* [Data to process]:
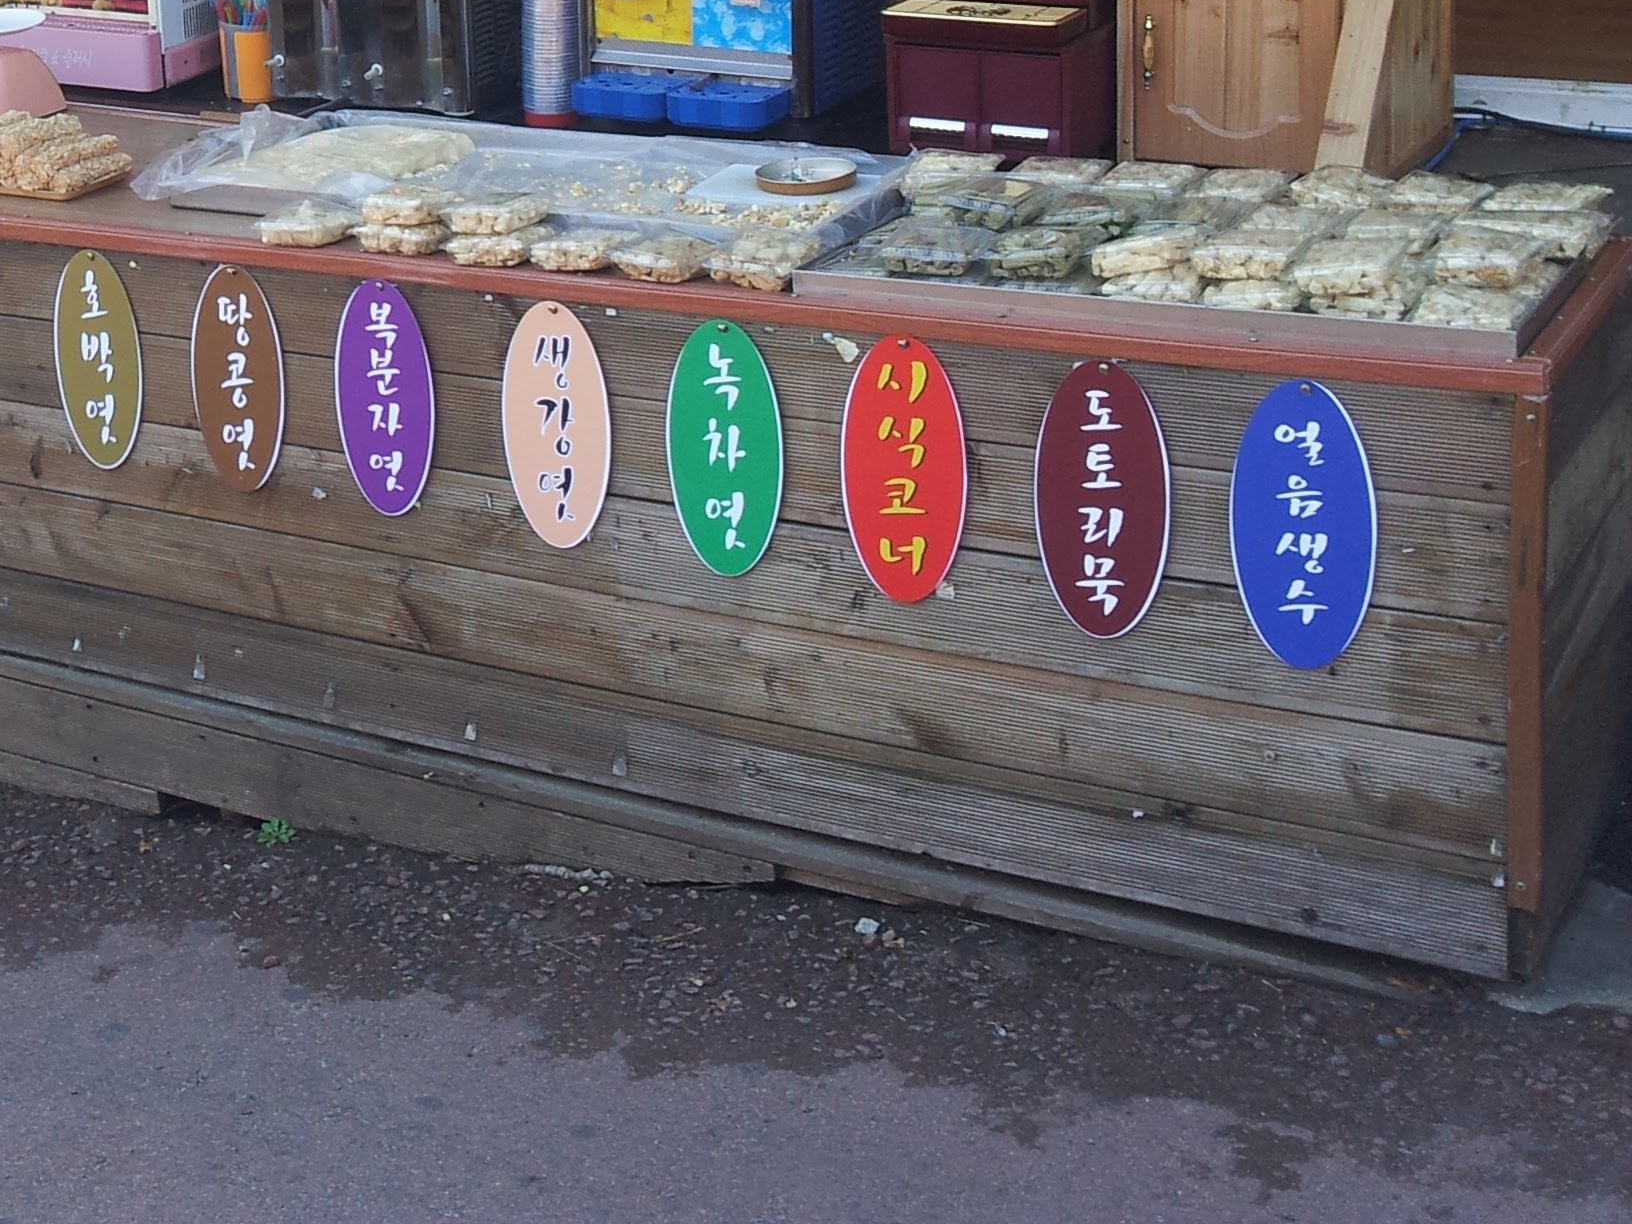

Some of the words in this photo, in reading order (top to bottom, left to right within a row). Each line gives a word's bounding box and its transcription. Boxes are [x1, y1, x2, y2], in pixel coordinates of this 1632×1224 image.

[80, 269, 117, 446] 호박엿
[217, 293, 256, 472] 땅콩엿
[365, 302, 404, 492] 복분자엿
[534, 334, 576, 522] 생강엿
[703, 343, 746, 551] 녹차엿
[878, 361, 929, 577] 시식코너
[1074, 389, 1125, 617] 도토리묵
[1274, 421, 1329, 625] 얼음생수
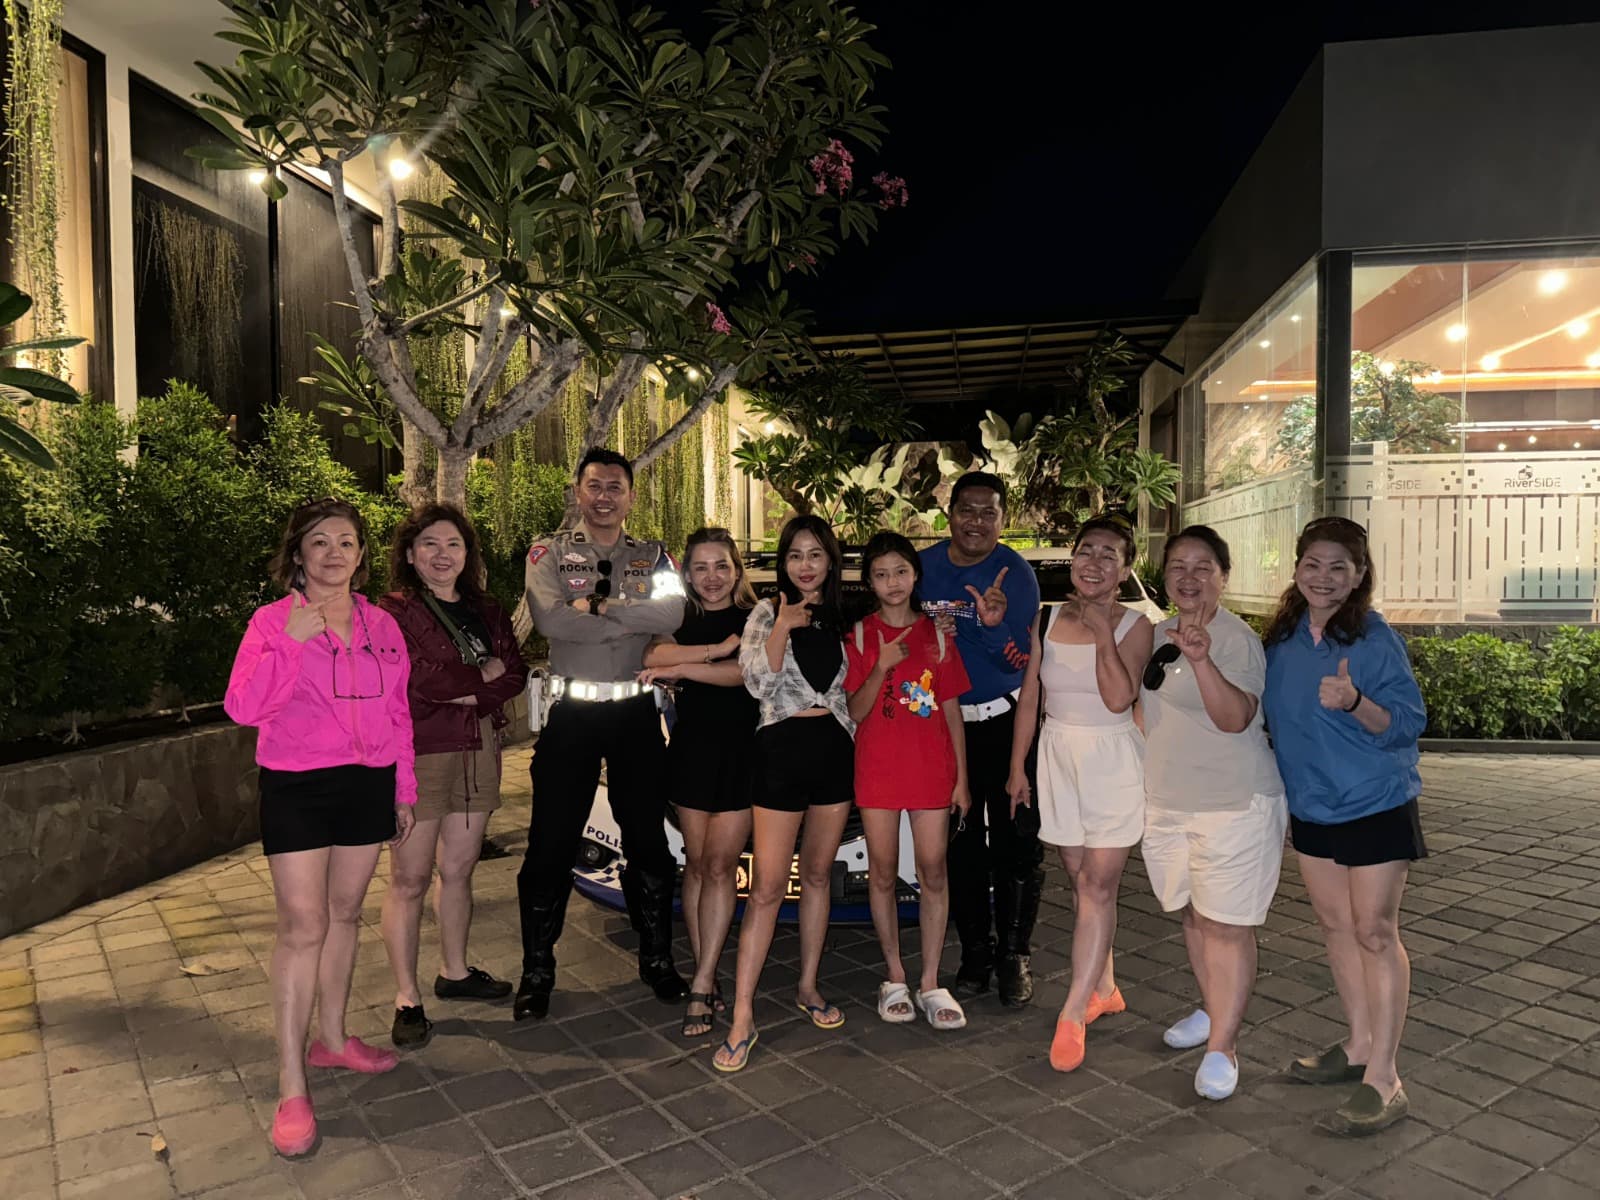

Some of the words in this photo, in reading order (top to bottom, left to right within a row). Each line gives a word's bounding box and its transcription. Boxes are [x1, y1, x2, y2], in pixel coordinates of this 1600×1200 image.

[559, 564, 595, 574] ROCKY
[624, 569, 651, 577] POLI
[586, 825, 621, 848] POLI

* [Activity]: A word-for-word restatement of the records above from the line containing "this 1600×1200 image." to their final line is all the answer should hold.

* [Exercise solution]:
Some of the words in this photo, in reading order (top to bottom, left to right within a row). Each line gives a word's bounding box and its transcription. Boxes are [x1, y1, x2, y2], in pixel coordinates of this 1600×1200 image.

[559, 564, 595, 574] ROCKY
[624, 569, 651, 577] POLI
[586, 825, 621, 848] POLI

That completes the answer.